Why Family Feasts are so Important

There was an evening about 10 years ago when I tried to explain to my kids why it’s worth it to endure the boring elements of our Christian traditions.

My kids looked at me confused. They didn’t understand the premise.

So I tried again. “You know when you feel bored during worship or teaching, and you can’t wait for it to end?”

Still blank stares.

At that time a friend was living with us and overheard what I was trying to communicate and he stopped me.

“Jeremy, your kids’ experience of the faith is not boring to them. They experience the faith through things like festivals and Sabbath dinners. You’re kind of talking to yourself.”

He was right.

I didn’t know what it was like to grow up in a faith where one of my main experiences of the faith was a feast.

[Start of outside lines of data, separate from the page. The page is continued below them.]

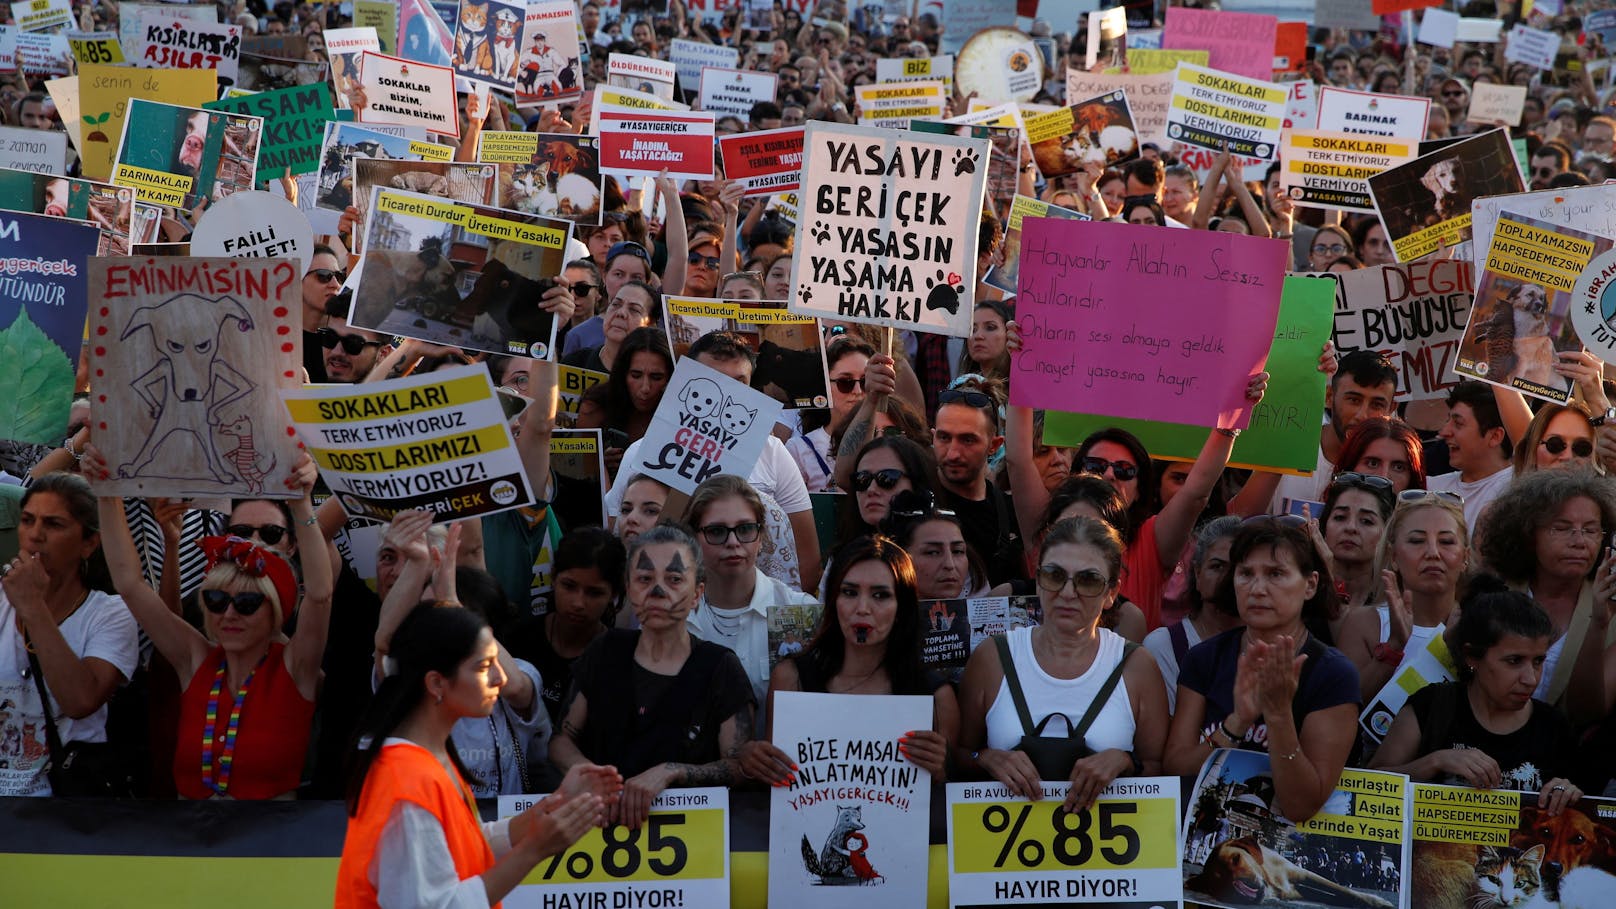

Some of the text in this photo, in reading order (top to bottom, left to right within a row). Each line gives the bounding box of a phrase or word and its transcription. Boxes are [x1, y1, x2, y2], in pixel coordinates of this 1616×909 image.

[73, 40, 113, 63] %85
[907, 61, 928, 75] BİZ
[92, 75, 160, 92] senin de
[378, 77, 431, 93] SOKAKLAR
[725, 85, 752, 93] SOKAK
[875, 87, 925, 99] SOKAKLARI
[1198, 74, 1266, 99] SOKAKLARI
[1191, 87, 1267, 113] TERK ETMİYORUZ
[371, 103, 446, 123] CANLAR BİZİM!
[872, 107, 931, 119] DOSTLARIMIZI
[1184, 99, 1266, 127] DOSTLARIMIZI
[1345, 112, 1397, 125] BARINAK
[484, 133, 538, 141] TOPLAYAMAZSIN
[620, 121, 688, 134] #YASAYIGERİÇEK
[1184, 114, 1263, 141] VERMİYORUZ!
[410, 143, 449, 158] Kısırlaştır
[483, 142, 537, 152] HAPSEDEMEZSİN
[633, 138, 671, 151] İNADINA
[1183, 130, 1253, 153] #YASAYIGRİÇEK
[1312, 138, 1387, 154] SOKAKLARI
[482, 152, 530, 162] ÖLDÜREMEZSİN
[619, 149, 684, 162] YAŞATACAĞIZ!
[826, 141, 942, 181] YASAYI
[1307, 151, 1390, 167] TERK ETMİYORUZ
[119, 168, 191, 191] BARINAKLAR
[147, 192, 182, 204] KAMPI
[895, 190, 951, 227] ÇEK
[381, 196, 466, 224] Ticareti Durdur
[1563, 203, 1593, 221] your
[224, 225, 276, 253] FAİLİ
[467, 216, 561, 246] Üretimi Yasakla
[1499, 222, 1591, 256] TOPLAYAMAZSIN
[837, 226, 953, 264] YAŞASIN
[1395, 235, 1420, 250] DOĞAL
[1025, 236, 1112, 279] Hayvanlar
[1400, 247, 1422, 261] ÖLÜM
[1493, 240, 1585, 273] HAPSEDEMEZSİN
[811, 256, 914, 293] YAŞAMA
[1489, 256, 1573, 290] ÖLDÜREMEZSİN
[671, 302, 735, 317] Ticareti Durdur
[837, 292, 921, 323] HAKKI
[1122, 322, 1171, 356] olmaya
[1181, 335, 1225, 359] geldik
[1513, 379, 1567, 401] #YasayıGeriÇek
[318, 385, 449, 421] SOKAKLARI
[321, 411, 466, 444] TERK ETMİYORUZ
[678, 411, 738, 450] YASAYI
[328, 434, 482, 473] DOSTLARIMIZI
[558, 441, 595, 451] Yasakla
[674, 427, 725, 463] GERİ
[341, 460, 488, 500] VERMİYORUZ!
[925, 633, 960, 646] TOPLAMA
[923, 650, 966, 664] DUR DE !!!
[797, 736, 905, 763] BİZE MASAL
[788, 762, 918, 795] ANLATMAYIN!
[1337, 776, 1400, 797] ısırlaştır
[665, 794, 708, 808] İSTİYOR
[964, 786, 982, 799] BİR
[1116, 783, 1160, 796] İSTİYOR
[1417, 788, 1518, 806] TOPLAYAMAZSIN
[1359, 799, 1400, 818] Aşılat
[1417, 807, 1517, 825] HAPSEDEMEZSİN
[982, 802, 1140, 868] %85
[1358, 824, 1400, 842] Yaşat
[1416, 824, 1507, 844] ÖLDÜREMEZSİN
[543, 814, 688, 881] %85
[543, 886, 684, 909] HAYIR DİYOR!
[995, 875, 1138, 899] HAYIR DİYOR!

This was brought back to mind this week by something Tim Chester wrote in his book You Can Change.

“It’s as if there are two feasts: the feast of God and the feast of sin. We’re invited to both. God invites us to find satisfaction in him. Sin entices us, with its lies, to look for satisfaction in sin. So we’re double-booked. All the time we have to choose which feast to attend. This is God’s invitation to us:

“Come, everyone who thirsts,

    come to the waters;

and he who has no money,

    come, buy and eat!

Come, buy wine and milk

    without money and without price.

Why do you spend your money for that which is not bread,

    and your labor for that which does not satisfy?

Listen diligently to me, and eat what is good,

    and delight yourselves in rich food. Isaiah 55:1-2

Do your kids experience their faith as a feast full of meaning?

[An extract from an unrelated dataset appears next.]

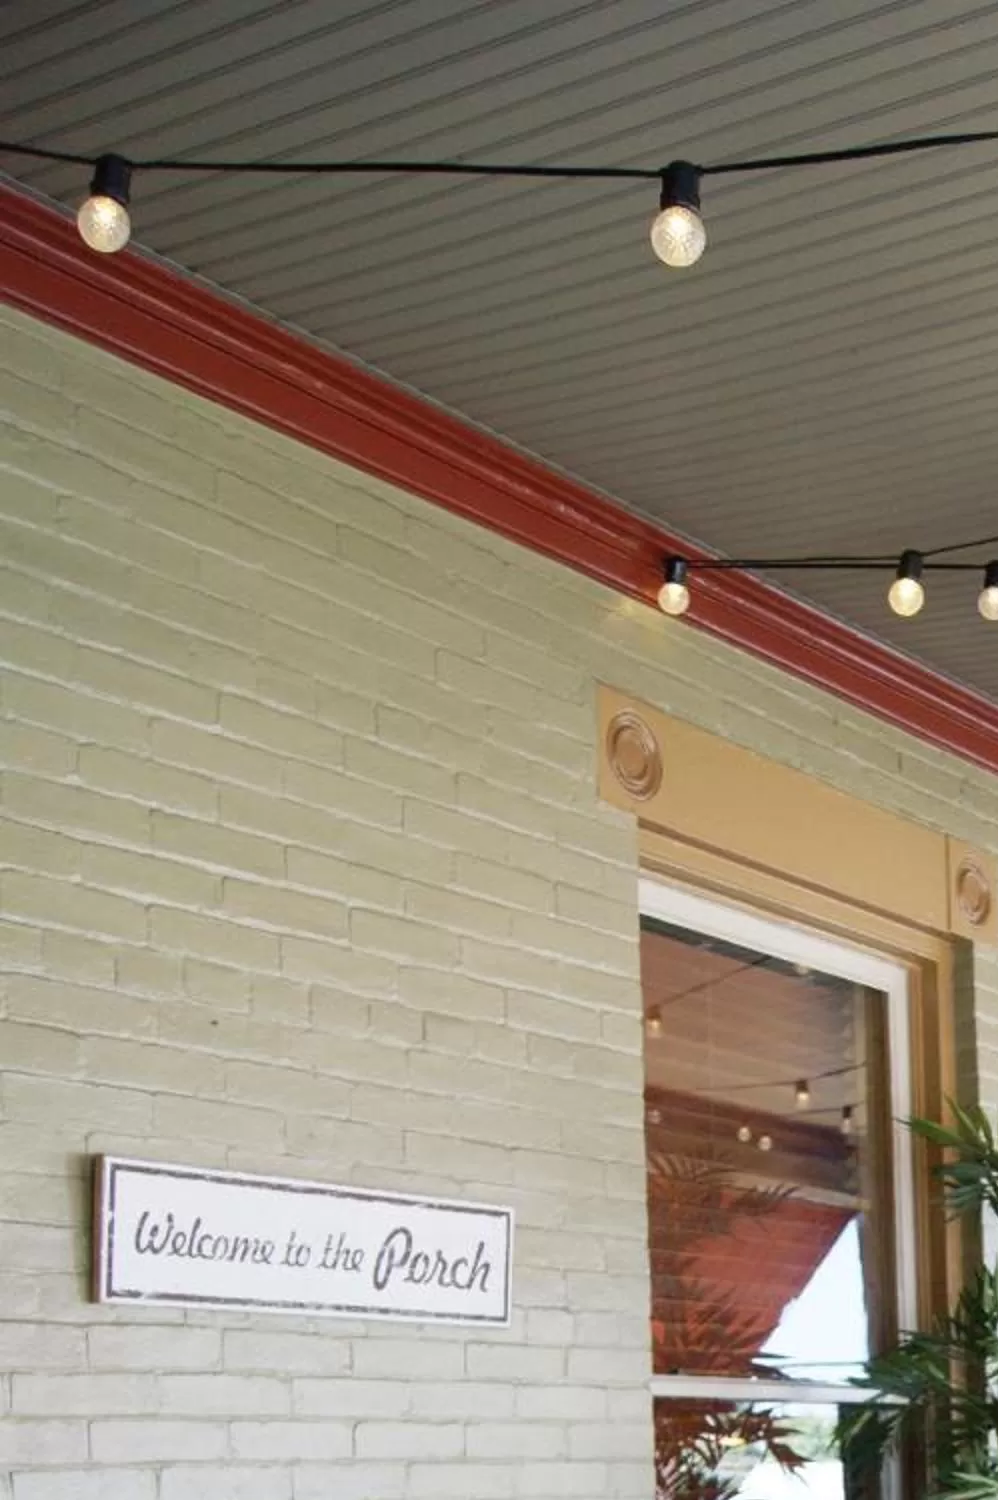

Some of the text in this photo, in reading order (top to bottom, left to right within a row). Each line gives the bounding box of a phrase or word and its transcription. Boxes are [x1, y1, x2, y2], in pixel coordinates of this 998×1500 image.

Is this experience powerful enough to help them see the shallowness and emptiness of the feast of sin?

Sometimes we think true faith should be all grit and determination. While there are seasons where these elements are also necessary, we must be careful not to communicate these as the essence of our faith.

We are being invited to an abundant table, and at that table everyone is a son or daughter.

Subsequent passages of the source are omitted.